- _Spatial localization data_
▬▬▬▬▬▬

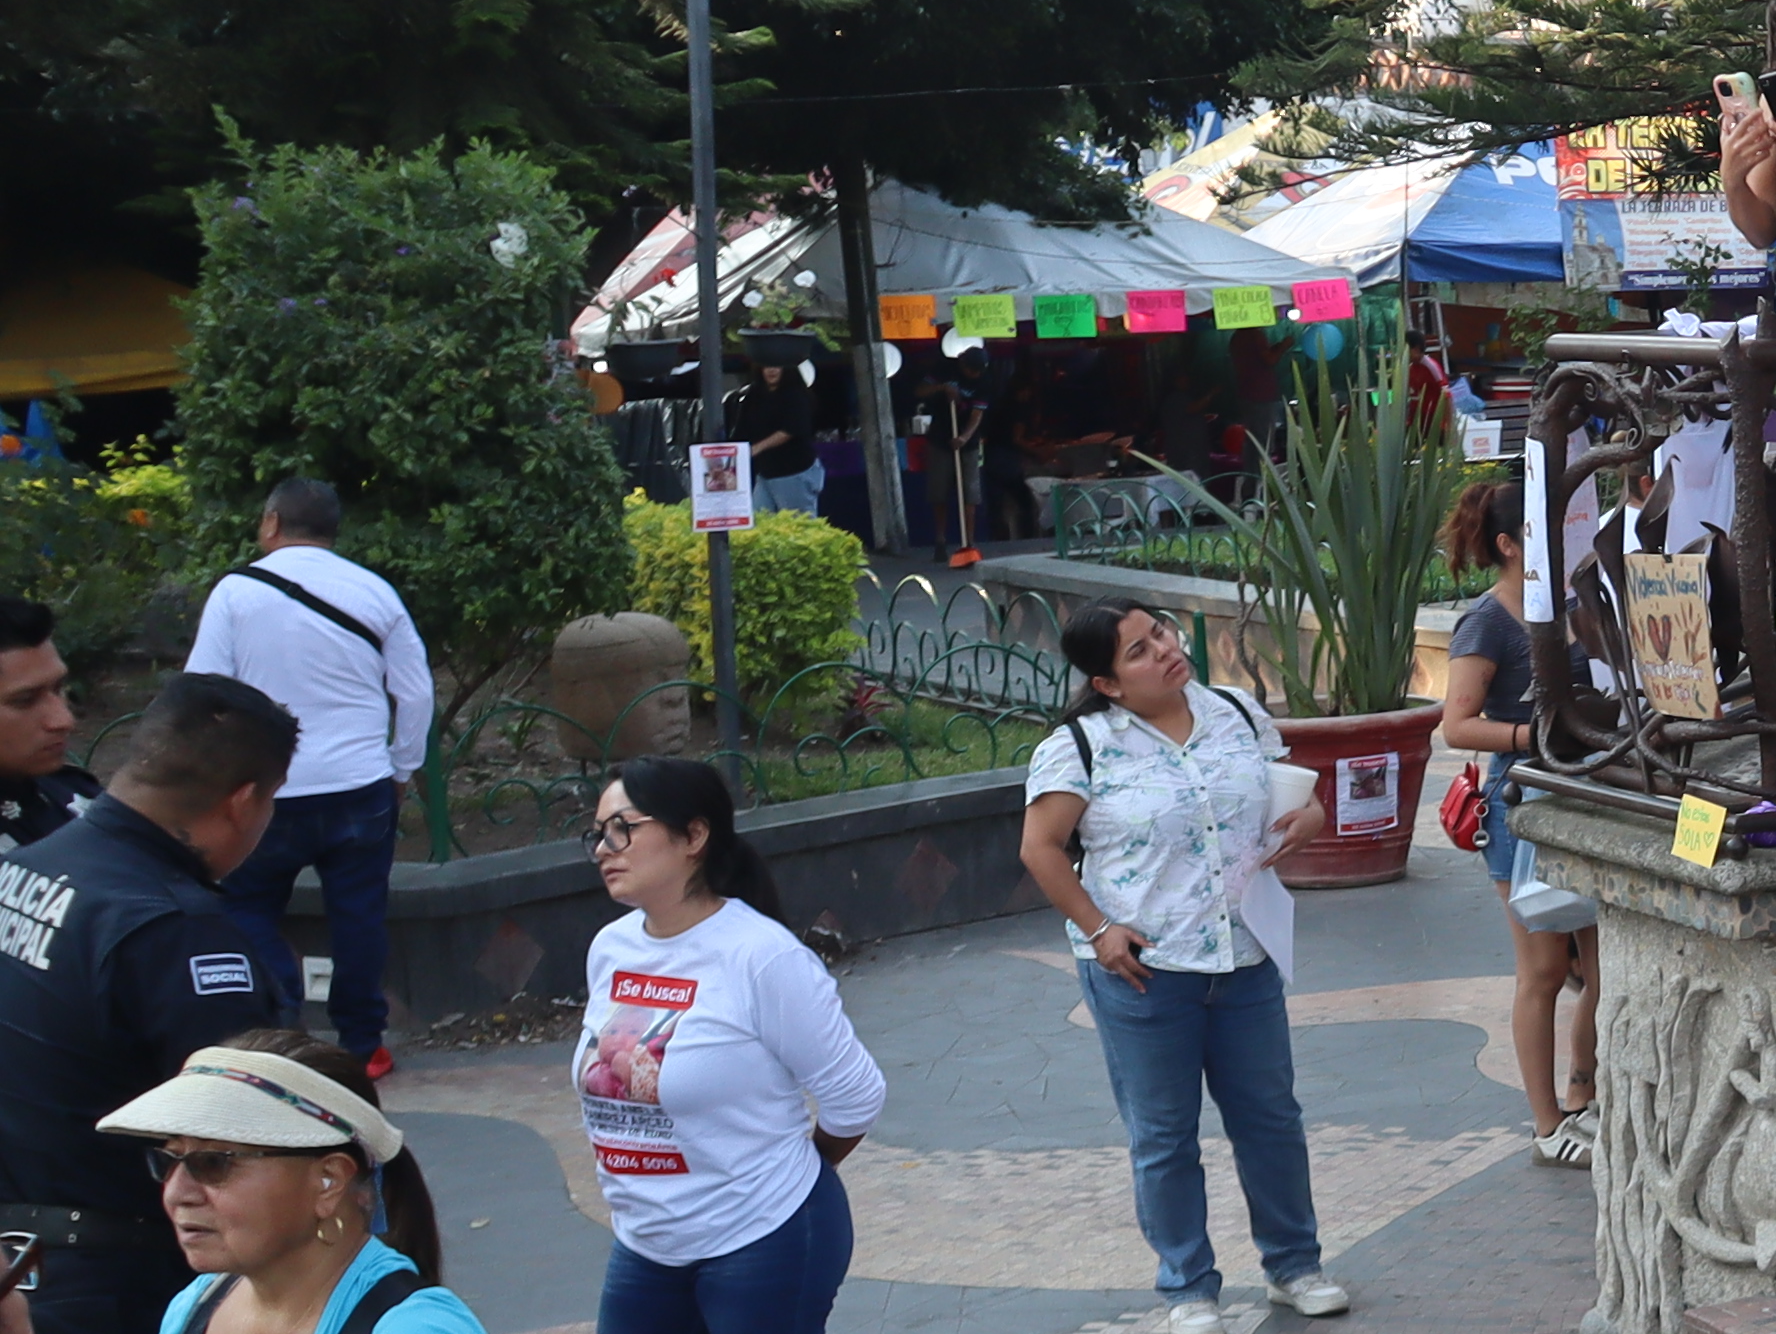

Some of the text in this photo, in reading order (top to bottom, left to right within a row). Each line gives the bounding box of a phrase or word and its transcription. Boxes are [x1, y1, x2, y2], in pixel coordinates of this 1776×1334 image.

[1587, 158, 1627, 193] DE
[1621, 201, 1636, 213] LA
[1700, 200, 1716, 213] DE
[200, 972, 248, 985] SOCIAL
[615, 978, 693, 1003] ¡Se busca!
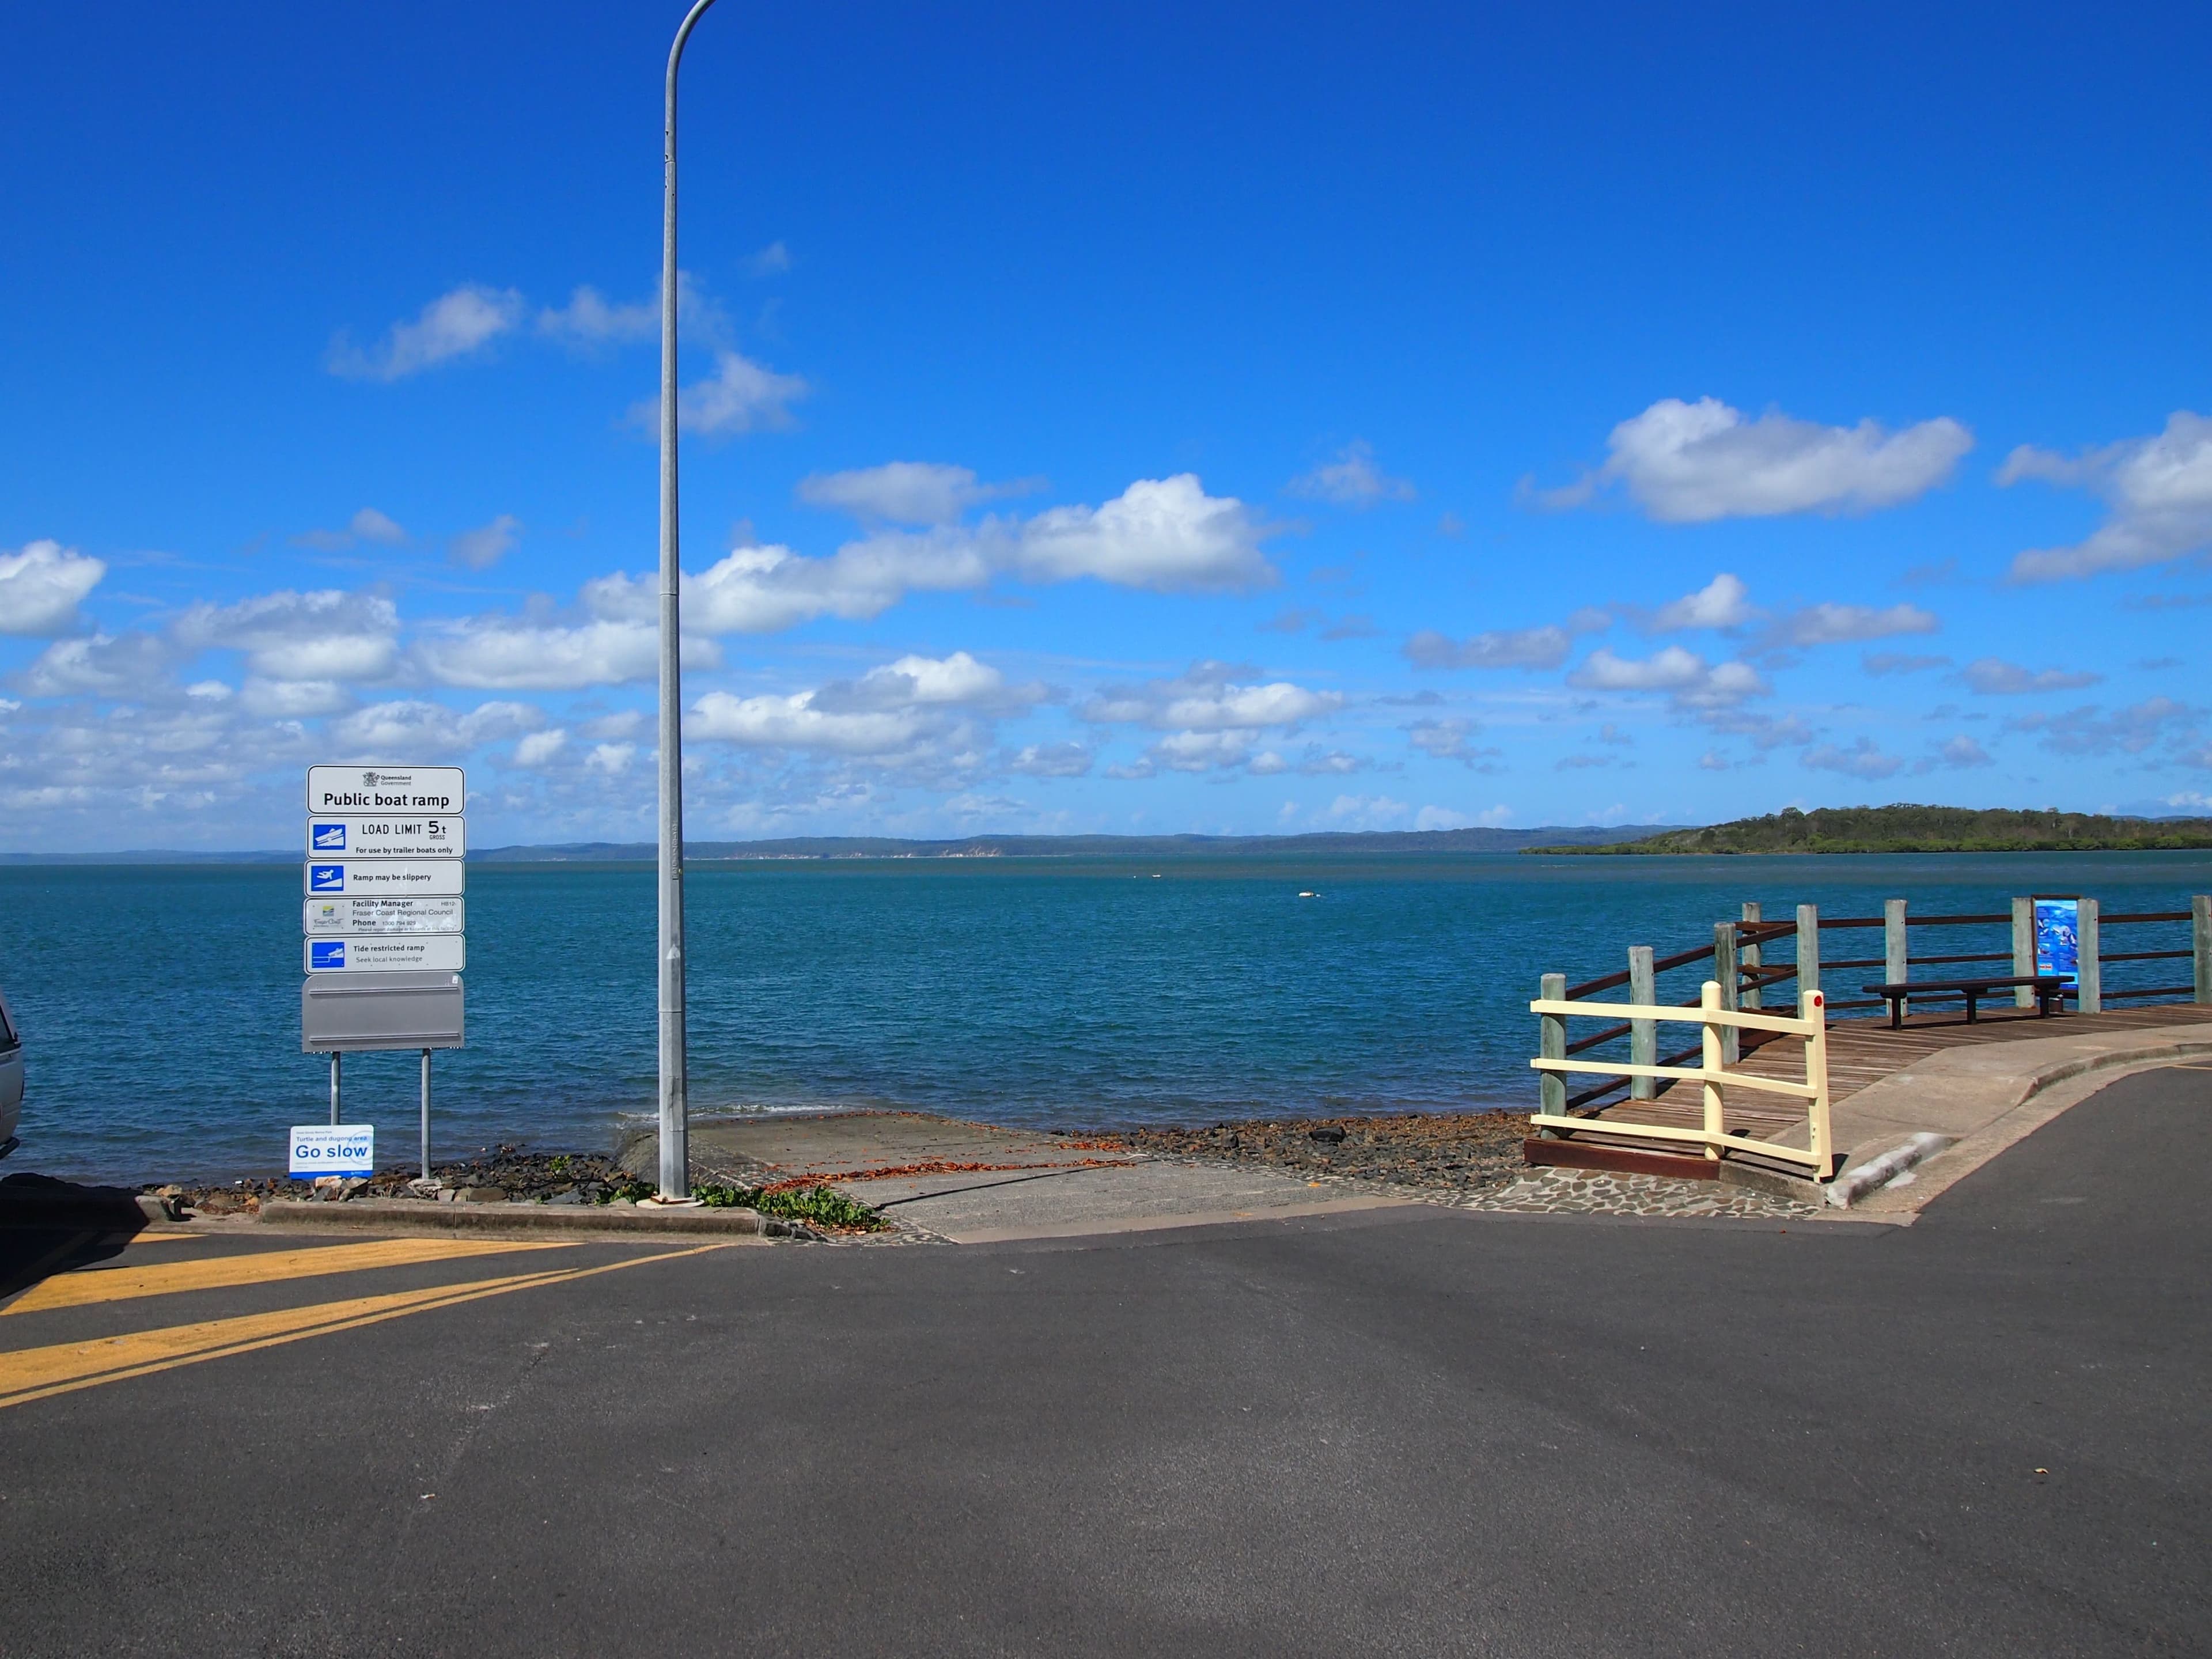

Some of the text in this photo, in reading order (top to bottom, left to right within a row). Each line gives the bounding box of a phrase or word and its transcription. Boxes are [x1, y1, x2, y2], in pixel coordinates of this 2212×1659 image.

▬▬▬▬▬▬

- _Your objective_
What is needed is every record above, returned exactly, with the pictures omitted.

- _Exercise answer_
Some of the text in this photo, in reading order (top to bottom, left to right within a row). Each line gives the bounding box of a phrase or word and its transcription. Boxes are [x1, y1, x2, y2], in pixel coordinates of this 1776×1334 image.

[1587, 158, 1627, 193] DE
[1621, 201, 1636, 213] LA
[1700, 200, 1716, 213] DE
[200, 972, 248, 985] SOCIAL
[615, 978, 693, 1003] ¡Se busca!

Some of the text in this photo, in reading order (top to bottom, left to right within a row). Each line gives the bounding box of a phrase or word and its transcription. Boxes are [x1, y1, x2, y2], in pixel coordinates of this 2212×1659 image.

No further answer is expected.